Records contained in a dataset:

^^^^

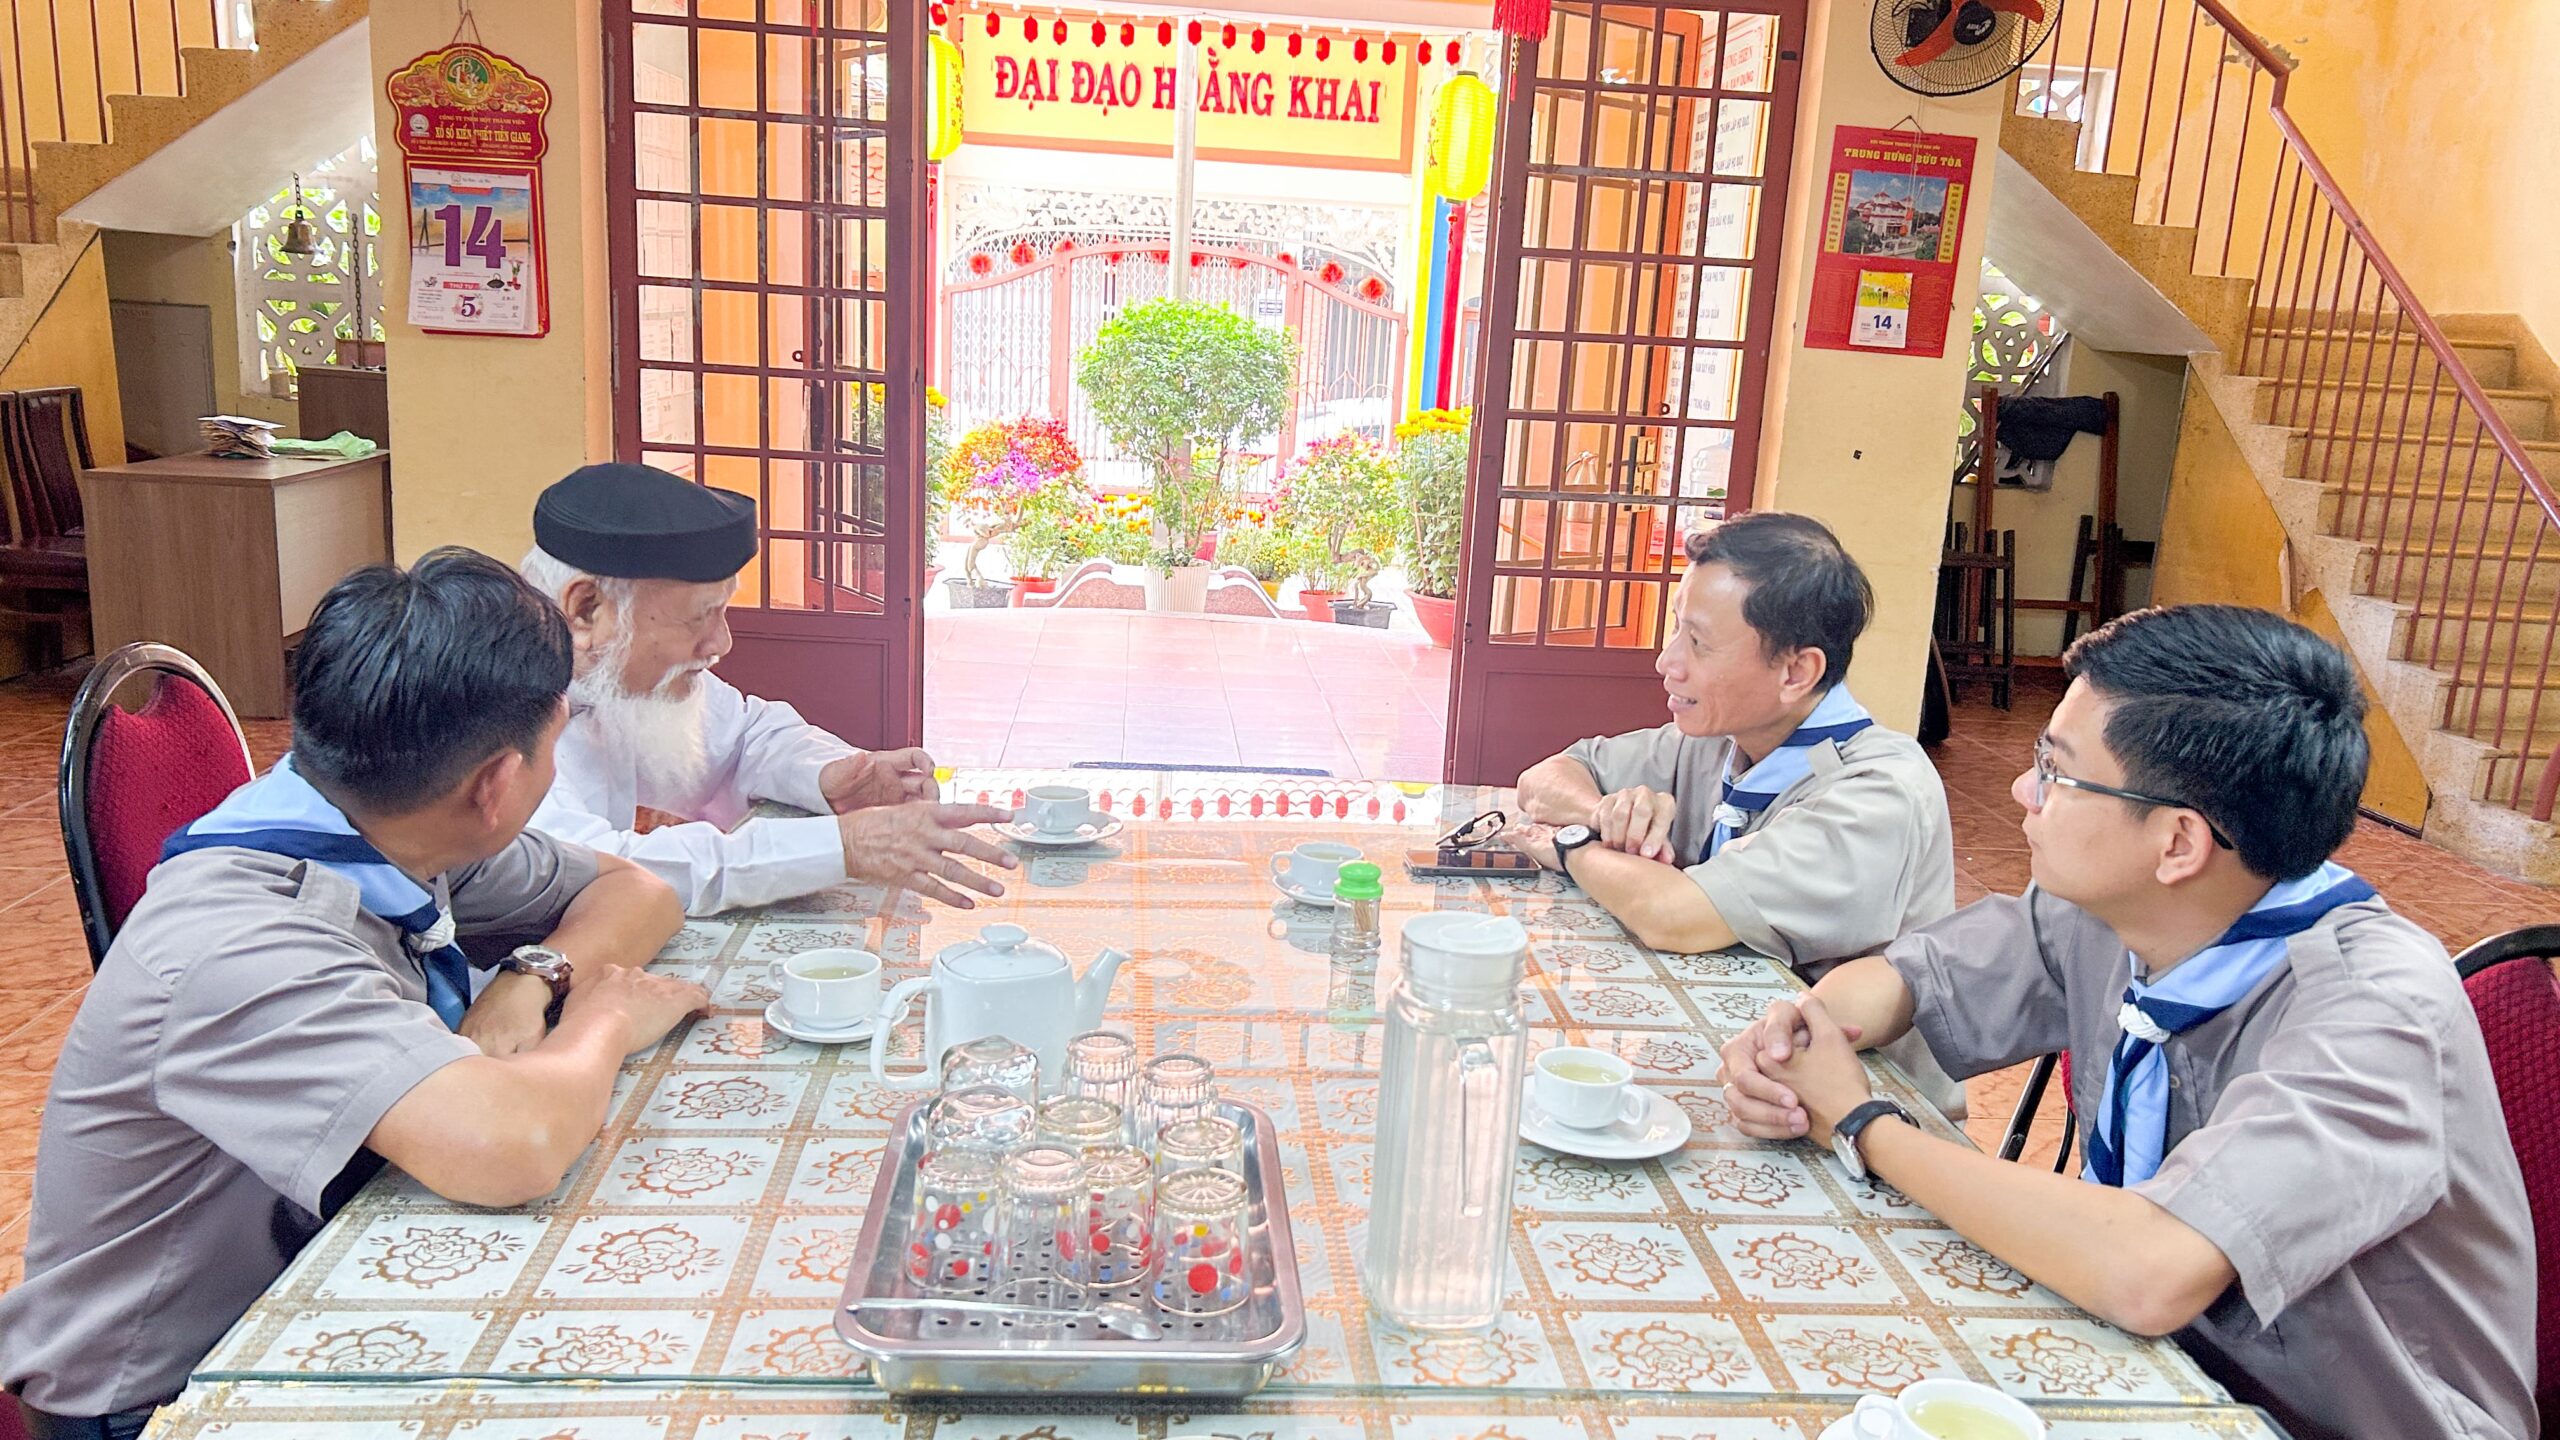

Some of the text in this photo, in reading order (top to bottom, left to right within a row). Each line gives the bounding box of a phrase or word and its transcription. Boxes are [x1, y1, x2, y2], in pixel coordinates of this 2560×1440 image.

[995, 47, 1381, 123] ĐẠI ĐẠO HẰNG KHAI
[435, 121, 445, 138] XỔ
[445, 123, 455, 138] SỐ
[455, 123, 472, 139] KIẾN
[494, 125, 509, 142] TIỀN
[510, 131, 532, 143] GIANG
[1843, 147, 1880, 160] TRUNG
[1883, 150, 1912, 163] HƯNG
[1940, 155, 1962, 168] TÒA
[434, 204, 507, 269] 14
[461, 296, 476, 317] 5
[1873, 314, 1892, 329] 14
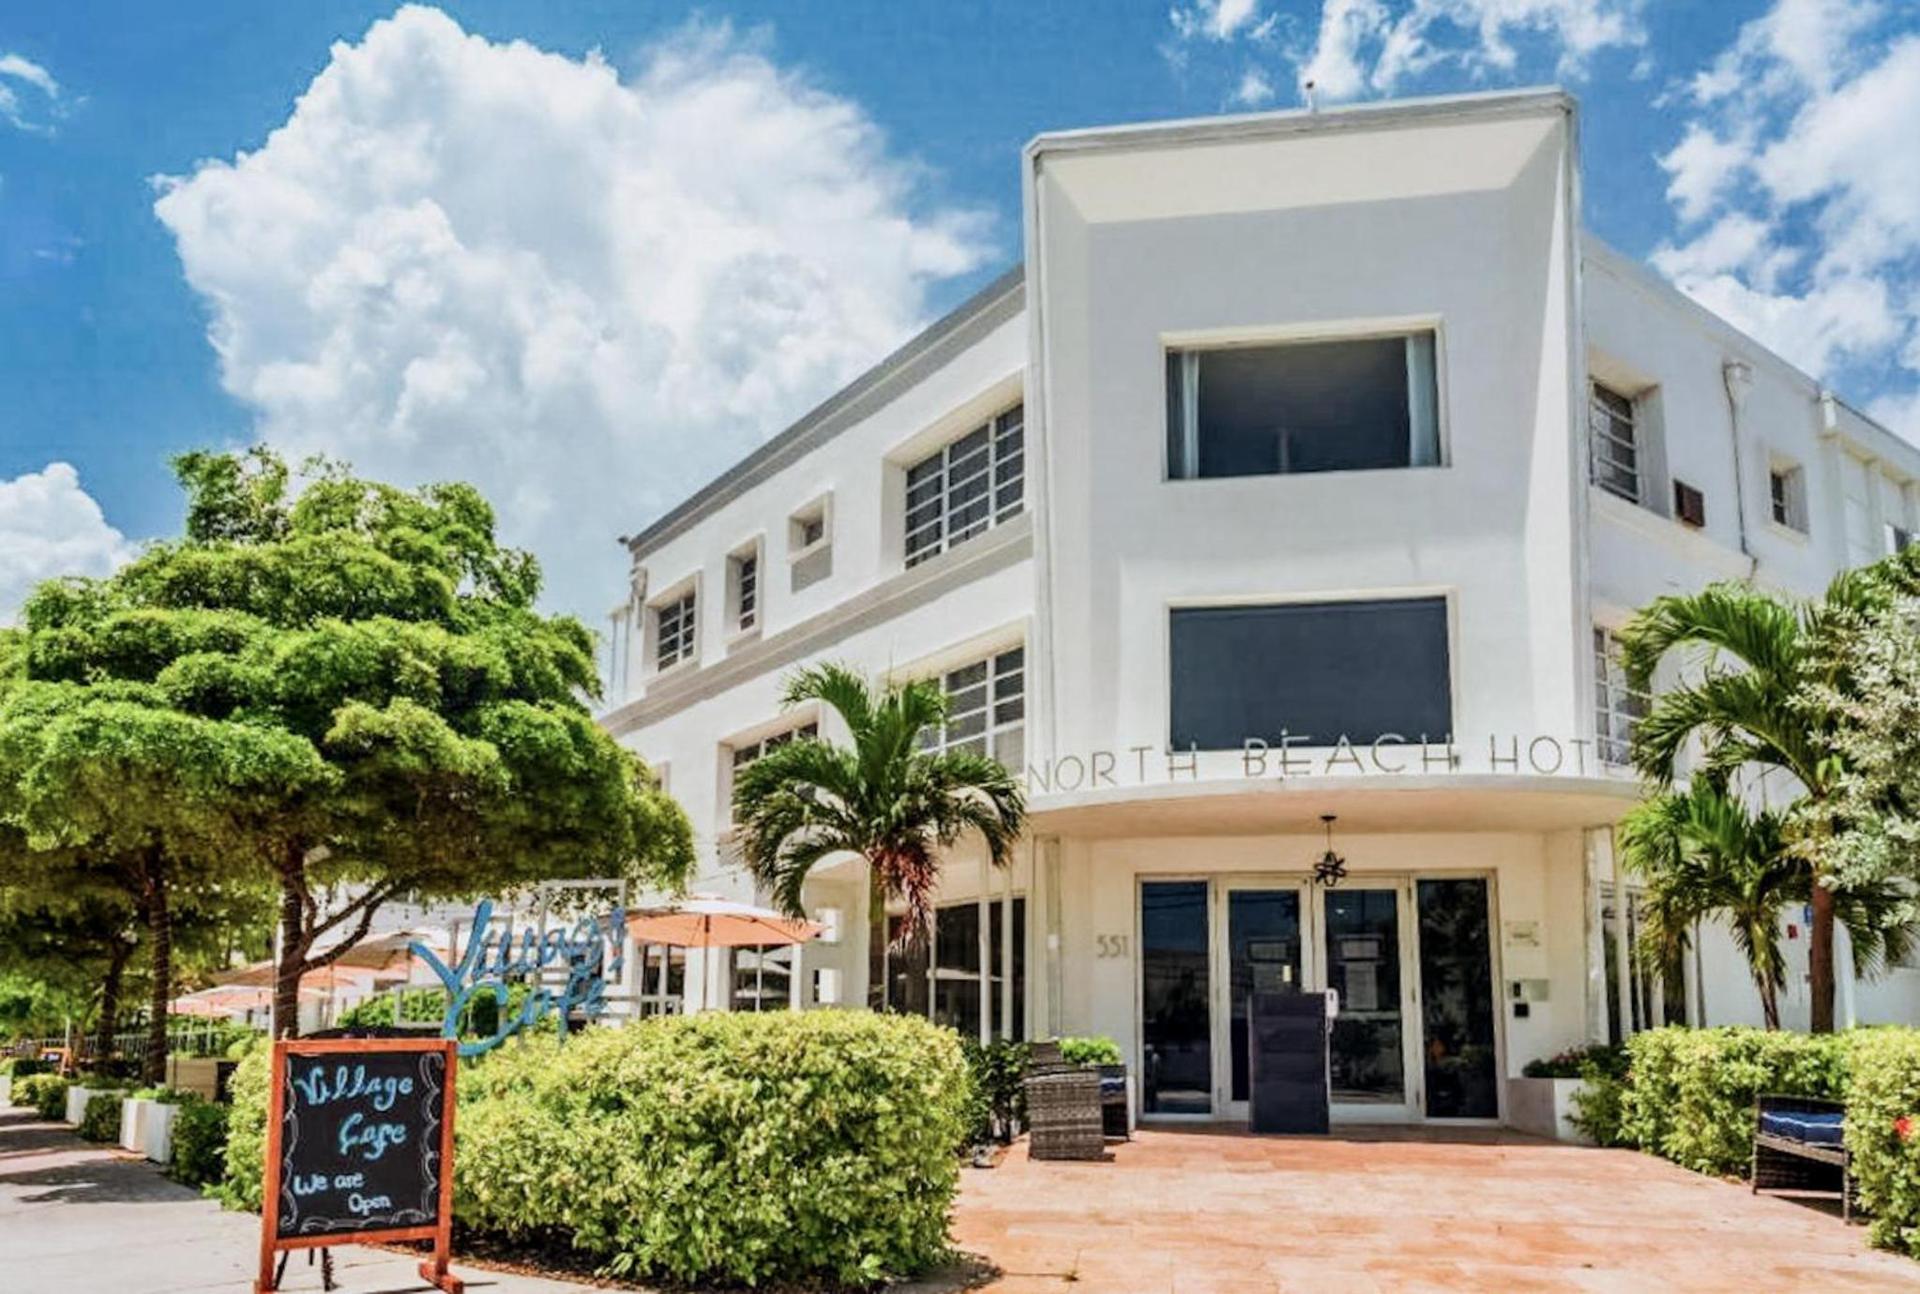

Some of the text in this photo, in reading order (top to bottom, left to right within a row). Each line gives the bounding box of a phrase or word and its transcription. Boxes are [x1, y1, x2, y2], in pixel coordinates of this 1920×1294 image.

[1027, 743, 1199, 793] NORTH
[1242, 733, 1457, 776] BEACH
[1096, 934, 1129, 958] 551
[294, 1064, 415, 1111] Village
[338, 1112, 408, 1160] Cafe
[293, 1172, 366, 1195] We are
[347, 1193, 392, 1216] Open

^^^^

Leave out the pictures and retype every line above exactly.

Some of the text in this photo, in reading order (top to bottom, left to right within a row). Each line gives the bounding box of a phrase or word and its transcription. Boxes are [x1, y1, x2, y2], in pixel coordinates of this 2560×1440 image.

[995, 47, 1381, 123] ĐẠI ĐẠO HẰNG KHAI
[435, 121, 445, 138] XỔ
[445, 123, 455, 138] SỐ
[455, 123, 472, 139] KIẾN
[494, 125, 509, 142] TIỀN
[510, 131, 532, 143] GIANG
[1843, 147, 1880, 160] TRUNG
[1883, 150, 1912, 163] HƯNG
[1940, 155, 1962, 168] TÒA
[434, 204, 507, 269] 14
[461, 296, 476, 317] 5
[1873, 314, 1892, 329] 14

Some of the text in this photo, in reading order (top to bottom, left to right within a row). Each line gives the bounding box of a phrase or word and its transcription. Boxes are [x1, y1, x2, y2], in pixel coordinates of this 1920×1294 image.

[1027, 743, 1199, 793] NORTH
[1242, 733, 1457, 776] BEACH
[1096, 934, 1129, 958] 551
[294, 1064, 415, 1111] Village
[338, 1112, 408, 1160] Cafe
[293, 1172, 366, 1195] We are
[347, 1193, 392, 1216] Open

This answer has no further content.